ATM Marketplace rounds up the year’s best and worst stories of the ATM industry. The highlights:
NCR Corp.’s move to Atlanta…. It signifies NCR’s commitment to bringing the manufacture of its ATM line back in-house to the United States. It means an end to so much outsourcing, and that’s a good thing for the industry and the end-user, i.e., NCR’s financial-institution customers.
The rebranding of TRM Corp. to Access to Money, following TRM’s April 2008 acquisition of Access to Money…. Let’s face it. TRM was struggling, and had been for quite some time. Frankly, I don’t know how the company was able to keep itself afloat for so long. By taking on the Access to Money name, the one-time ATM giant is able to take another shot at greatness.

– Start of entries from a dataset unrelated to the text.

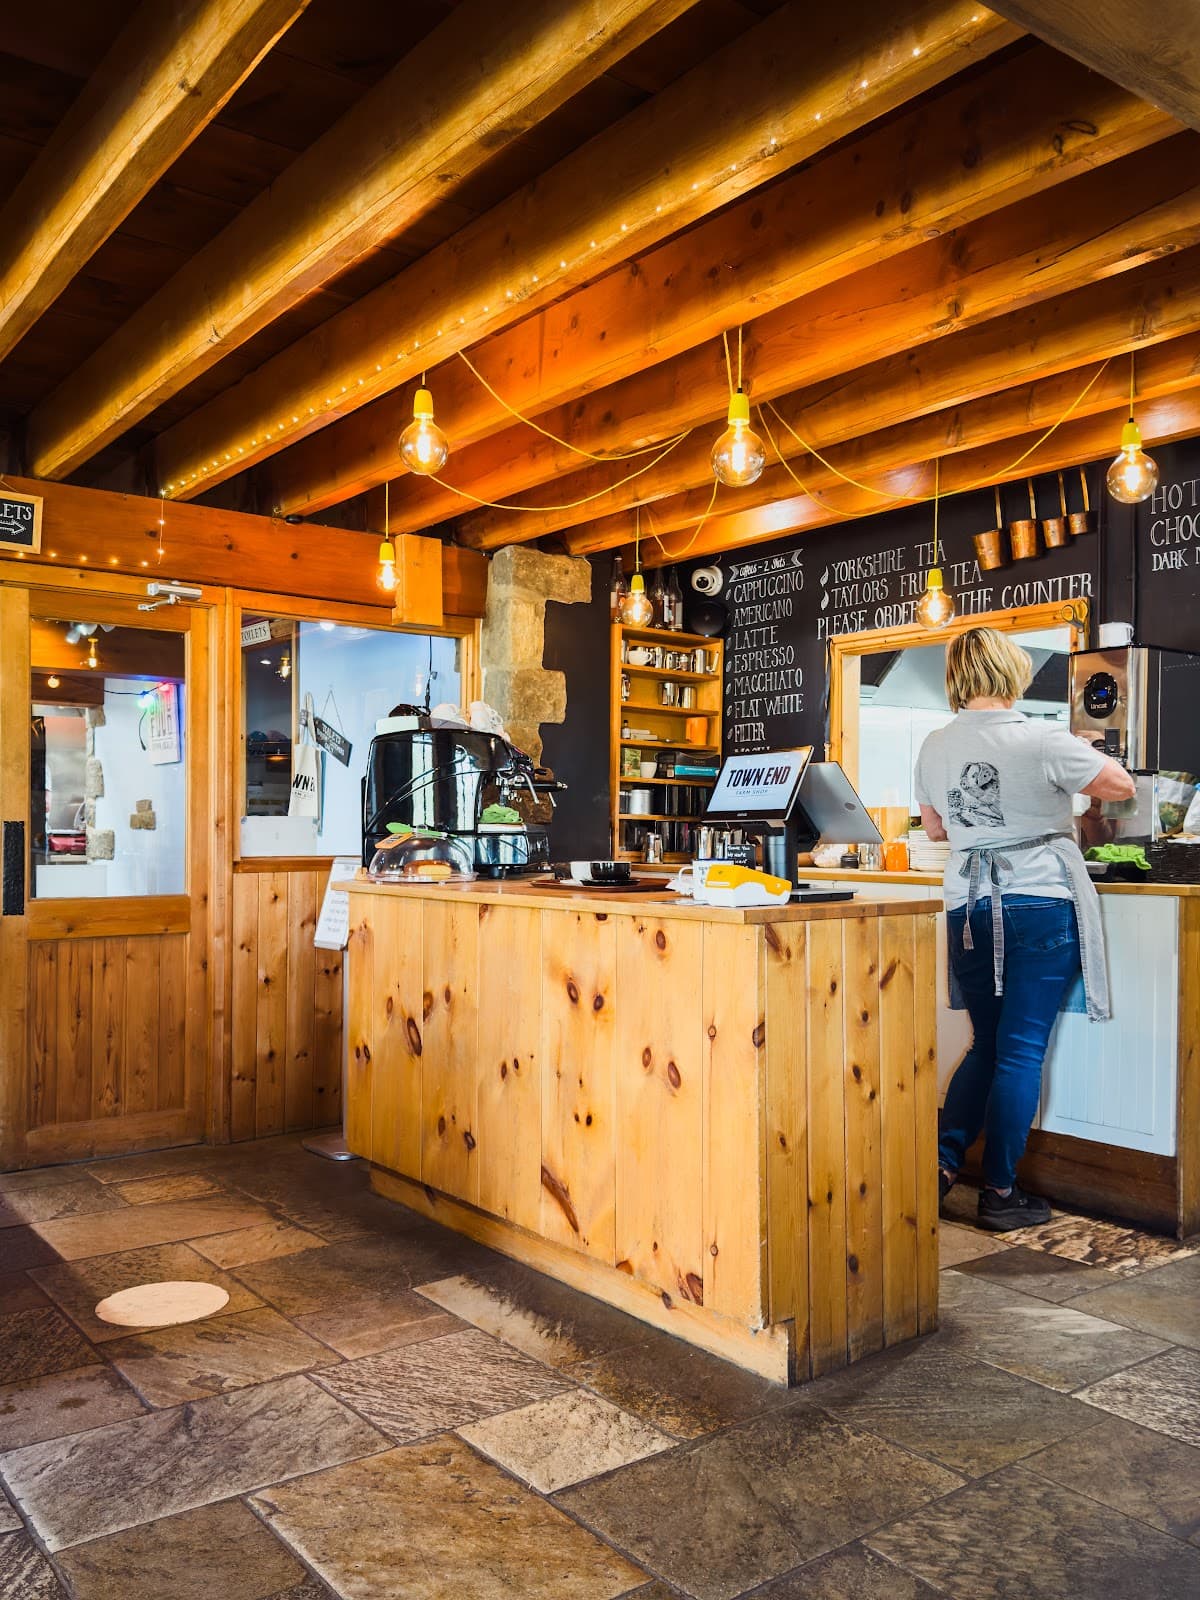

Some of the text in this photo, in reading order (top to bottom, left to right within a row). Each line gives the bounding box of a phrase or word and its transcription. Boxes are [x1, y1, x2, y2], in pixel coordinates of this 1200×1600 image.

[1151, 479, 1200, 514] HOT
[832, 540, 946, 583] YORKSHIRE TEA
[1152, 549, 1189, 571] DARK
[734, 570, 803, 603] CAPPUCCINO
[831, 560, 983, 608] TAYLORS FRU TEA
[733, 598, 793, 627] AMERICANO
[816, 609, 867, 640] PLEASE
[957, 588, 993, 616] THE
[1001, 572, 1094, 610] COUNTER
[735, 625, 778, 650] LATTE
[734, 645, 795, 673] ESPRESSO
[734, 668, 803, 696] MACCHIATO
[734, 694, 804, 718] FLAT WHITE
[734, 722, 766, 742] FILTER
[726, 765, 791, 787] TOWN END

Diebold Inc.’s focus on integrated services. 2010 will mark a year of continual ATM replacement and upgrade, as banks [migrate] to automated ATM deposits, cash recycling and mobile-device interaction. Once those upgrades [are done], the replacement cycle won’t occur quite so frequently…. What that means for ATM manufacturers such as Diebold is that solely relying on products for revenue … is corporate suicide. [But] bankers can’t afford to service these ATMs, nor do they want to. They’d much rather rely on the experts, and that’s where outsourced, integrated services come in.

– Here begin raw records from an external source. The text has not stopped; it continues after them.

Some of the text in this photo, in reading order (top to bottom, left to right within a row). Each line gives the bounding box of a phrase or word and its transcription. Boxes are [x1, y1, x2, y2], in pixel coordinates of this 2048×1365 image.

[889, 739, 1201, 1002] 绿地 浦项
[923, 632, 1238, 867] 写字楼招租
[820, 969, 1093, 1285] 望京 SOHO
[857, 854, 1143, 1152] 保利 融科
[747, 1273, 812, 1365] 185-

Canada’s nearly complete migration to EMV. Will the United States ever get the clue? Canada’s completion of the migration to the Europay, MasterCard, Visa standard, which admittedly will take a few more years, is going to rock the United States card market. The advanced security of chip-and-PIN technology already is pushing more fraud to the United States, where the feeble and inferior magnetic stripe still reigns.
And their vote for the worst event of 2009? The collapse of the merger between Triton and Nautilus Hyosung.
If these two companies had joined forces, they would have created a powerhouse in the retail ATM space. Triton, a dominant and well-respected brand in the United States, and Nautilus, which is pushing to make a stronghold in the U.S. retail and financial markets — the companies could have made some waves. But concerns about an industry monopoly by the Department of Justice led the two entities to sever their ties and call off the $63 million deal.
But the deal was abandoned for a reason: the merger would probably have killed off ATM manufacturer Tranax, which is why the DOJ had monopoly concerns. Thus we would have gone from three big manufacturers of retail ATMs to one. That wouldn’t have been good for anybody, least of all ATM owners and customers.
And with the merger talks out of the way Triton has move aggressively forward with competitive plans, moving its headquarters, releasing new models and licensing a new ATM communication standard.
All in all an eventful but generally positive year for the industry — a minor miracle given the rough economic climate. With the economy apparently on the mend, there’s reason to believe that 2010 will end on a much happier note.